[TASK GOAL]: Only the text of the records belongs in the answer, copied exactly, with every picture omitted.

Start of DATA RECORDS

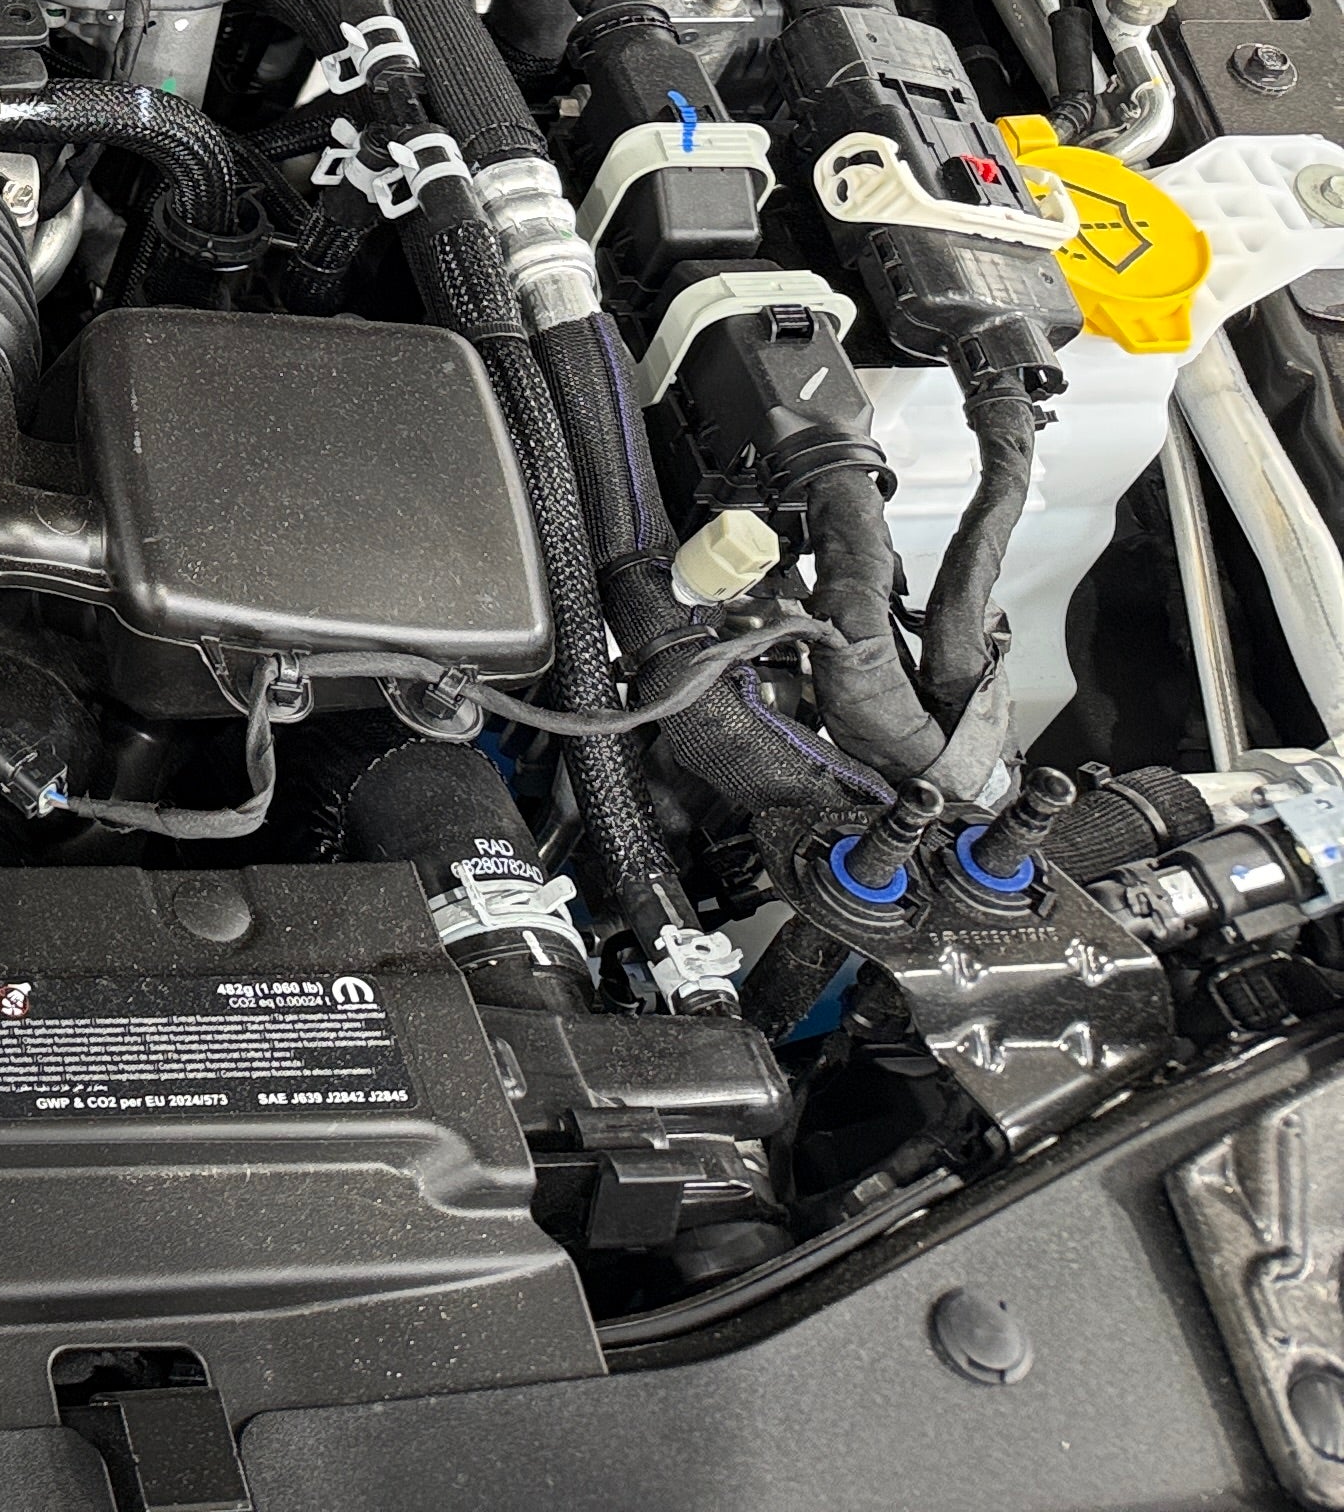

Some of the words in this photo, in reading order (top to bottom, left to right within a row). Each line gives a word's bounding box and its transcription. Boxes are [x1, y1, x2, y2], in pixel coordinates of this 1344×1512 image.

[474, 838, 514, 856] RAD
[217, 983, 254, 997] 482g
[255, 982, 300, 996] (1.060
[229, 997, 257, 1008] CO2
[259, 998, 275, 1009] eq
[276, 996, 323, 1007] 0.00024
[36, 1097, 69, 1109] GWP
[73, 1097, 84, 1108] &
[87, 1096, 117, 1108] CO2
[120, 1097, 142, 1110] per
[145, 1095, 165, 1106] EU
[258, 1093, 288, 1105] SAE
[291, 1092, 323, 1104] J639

End of DATA RECORDS

[ANSWER BOX]:
Some of the words in this photo, in reading order (top to bottom, left to right within a row). Each line gives a word's bounding box and its transcription. Boxes are [x1, y1, x2, y2], in pixel coordinates of this 1344×1512 image.

[474, 838, 514, 856] RAD
[217, 983, 254, 997] 482g
[255, 982, 300, 996] (1.060
[229, 997, 257, 1008] CO2
[259, 998, 275, 1009] eq
[276, 996, 323, 1007] 0.00024
[36, 1097, 69, 1109] GWP
[73, 1097, 84, 1108] &
[87, 1096, 117, 1108] CO2
[120, 1097, 142, 1110] per
[145, 1095, 165, 1106] EU
[258, 1093, 288, 1105] SAE
[291, 1092, 323, 1104] J639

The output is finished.